Task details: Would you please copy the entries exactly, leaving every picture aside?

■ ■ ■ ■ ■ ■ ■

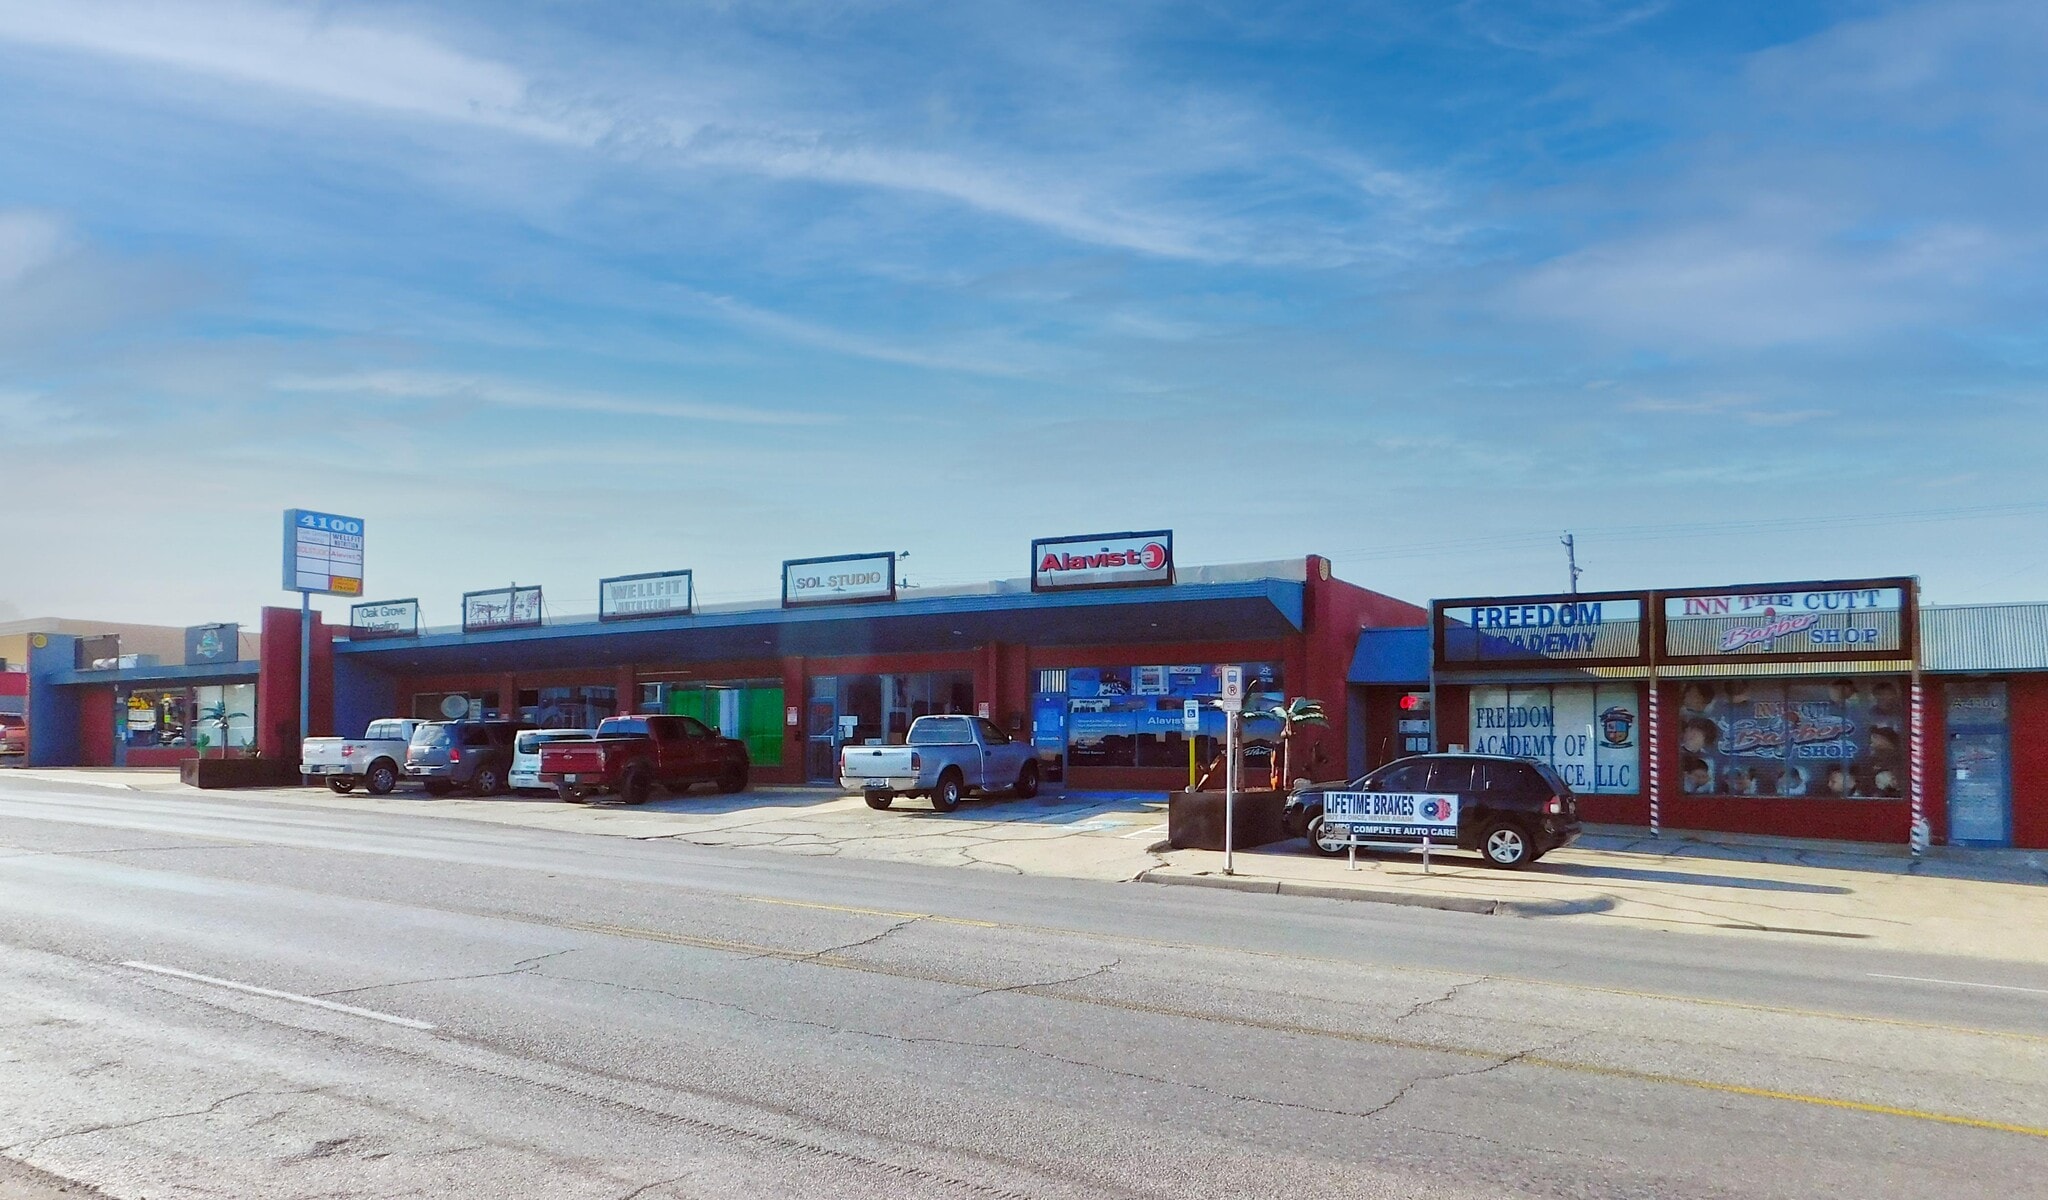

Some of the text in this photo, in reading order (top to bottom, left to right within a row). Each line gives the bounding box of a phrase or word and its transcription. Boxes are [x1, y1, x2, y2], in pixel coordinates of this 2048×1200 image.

[301, 515, 359, 533] 4100
[1038, 542, 1167, 572] Alavista
[610, 580, 682, 599] WELLFIT
[796, 572, 881, 589] SOL STUDIO
[361, 607, 407, 618] Oak Grove
[617, 598, 671, 613] NUTRITION
[1683, 590, 1880, 616] INN THE CUTT
[1471, 603, 1603, 628] FREEDOM
[1718, 613, 1819, 652] Barber
[1811, 628, 1879, 644] SHOP
[1147, 716, 1184, 725] Alavist
[1476, 706, 1555, 728] FREEDOM
[1475, 735, 1587, 757] ACADEMY OF
[1596, 765, 1630, 787] LLC
[1326, 794, 1414, 815] LIFETIME BRAKES
[1353, 825, 1401, 835] COMPLETE
[1403, 827, 1428, 836] AUTO
[1430, 828, 1456, 836] CARE
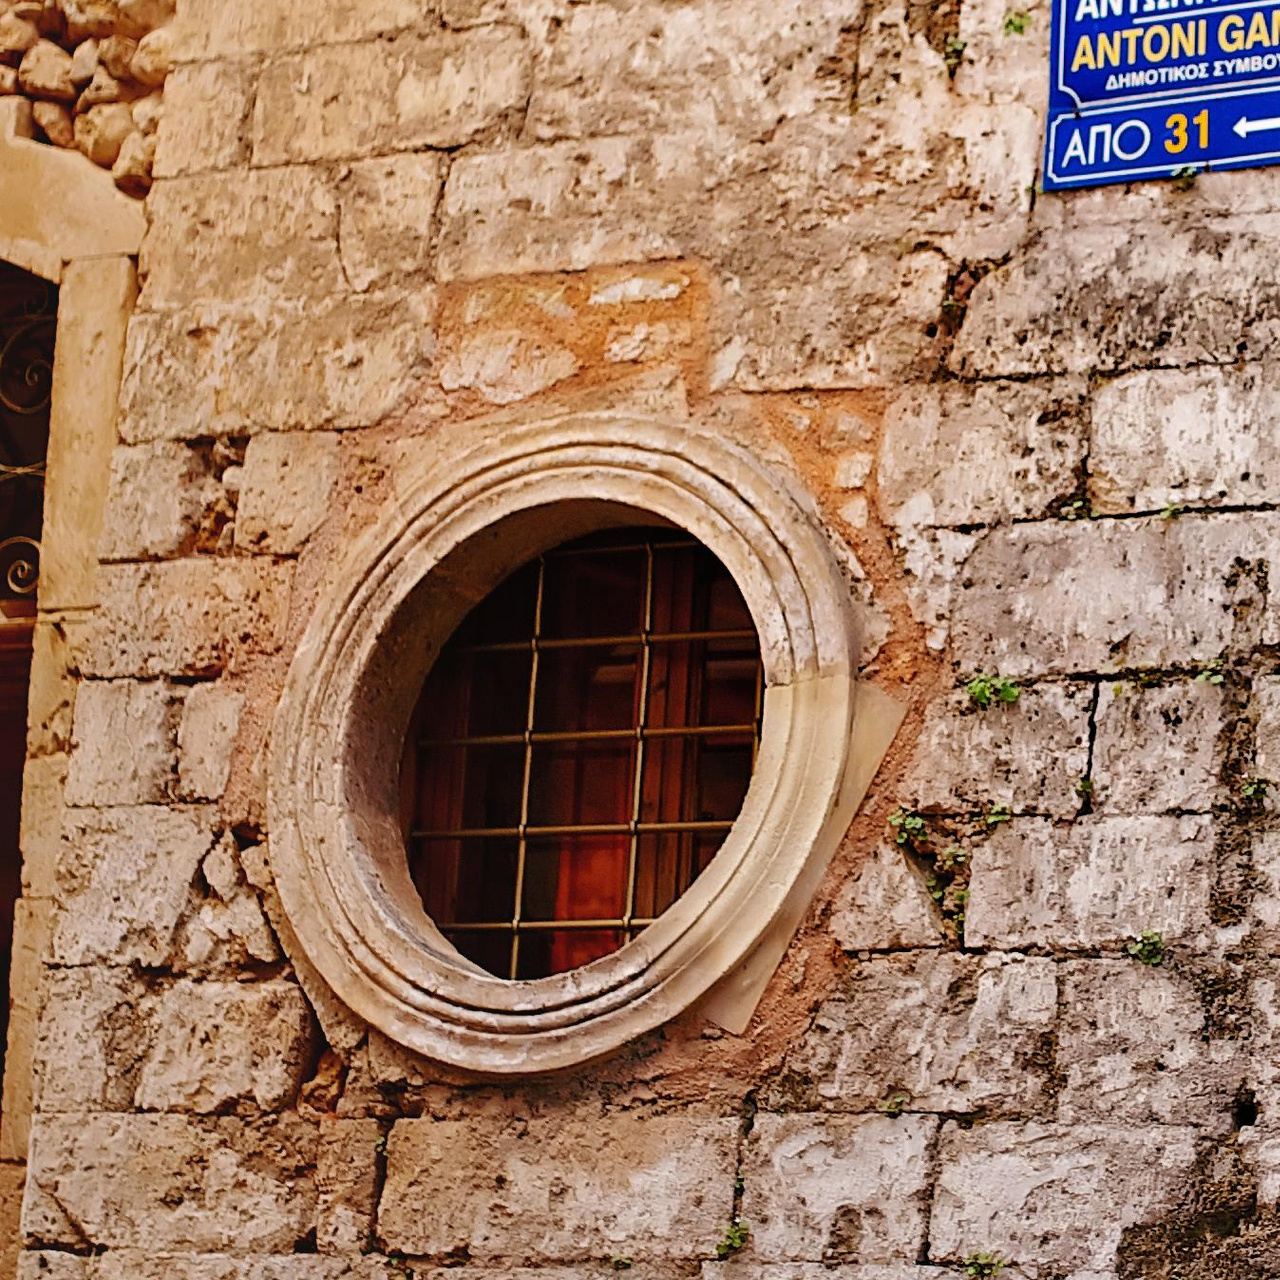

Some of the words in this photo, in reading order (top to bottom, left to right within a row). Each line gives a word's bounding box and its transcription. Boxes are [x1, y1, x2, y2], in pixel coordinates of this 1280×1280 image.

[1070, 18, 1207, 72] ANTONI
[1105, 60, 1209, 91] ΔΗΜΟΤΙΚΟΣ
[1061, 119, 1151, 168] ΑΠΟ
[1163, 109, 1209, 154] 31
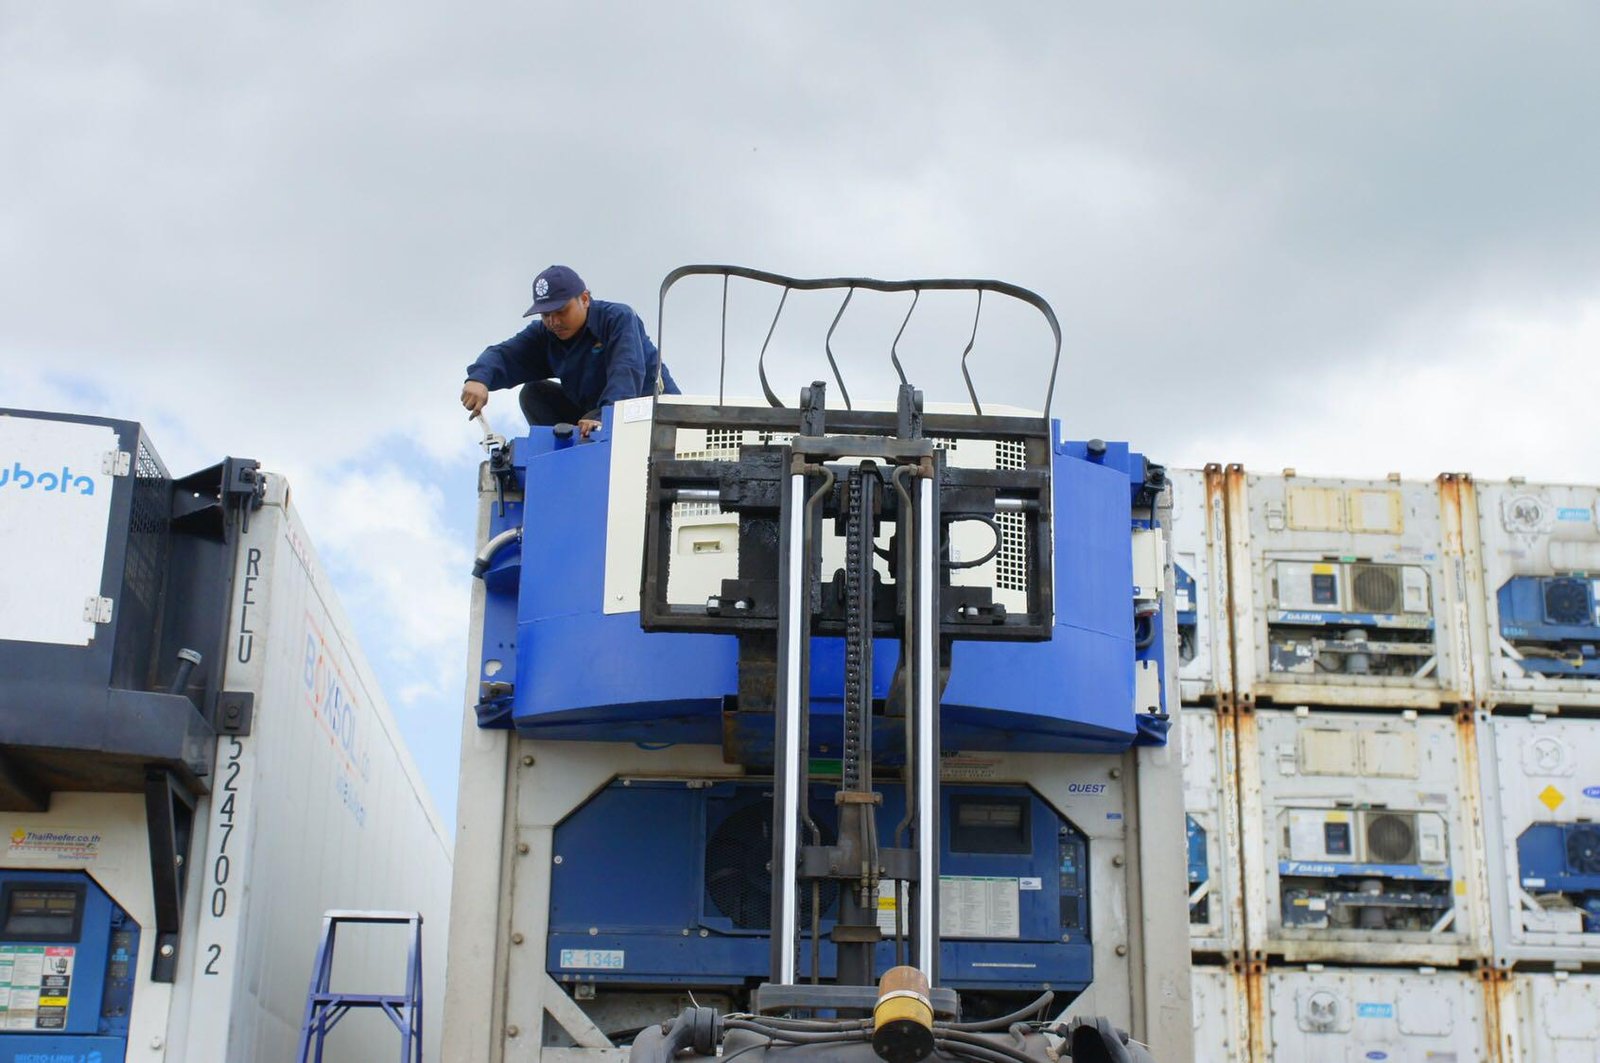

■ ■ ■ ■ ■ ■ ■

Solution to this problem:
Some of the text in this photo, in reading order (top to bottom, left to right within a row). Each line gives the bounding box of a phrase or word and its transcription. Boxes are [x1, y1, x2, y2], in pixel coordinates of this 2048×1200 image.

[301, 515, 359, 533] 4100
[1038, 542, 1167, 572] Alavista
[610, 580, 682, 599] WELLFIT
[796, 572, 881, 589] SOL STUDIO
[361, 607, 407, 618] Oak Grove
[617, 598, 671, 613] NUTRITION
[1683, 590, 1880, 616] INN THE CUTT
[1471, 603, 1603, 628] FREEDOM
[1718, 613, 1819, 652] Barber
[1811, 628, 1879, 644] SHOP
[1147, 716, 1184, 725] Alavist
[1476, 706, 1555, 728] FREEDOM
[1475, 735, 1587, 757] ACADEMY OF
[1596, 765, 1630, 787] LLC
[1326, 794, 1414, 815] LIFETIME BRAKES
[1353, 825, 1401, 835] COMPLETE
[1403, 827, 1428, 836] AUTO
[1430, 828, 1456, 836] CARE

Some of the words in this photo, in reading order (top to bottom, left to right within a row). Each line gives a word's bounding box and its transcription. Boxes are [x1, y1, x2, y2], in pixel coordinates of this 1280×1280 image.

[1070, 18, 1207, 72] ANTONI
[1105, 60, 1209, 91] ΔΗΜΟΤΙΚΟΣ
[1061, 119, 1151, 168] ΑΠΟ
[1163, 109, 1209, 154] 31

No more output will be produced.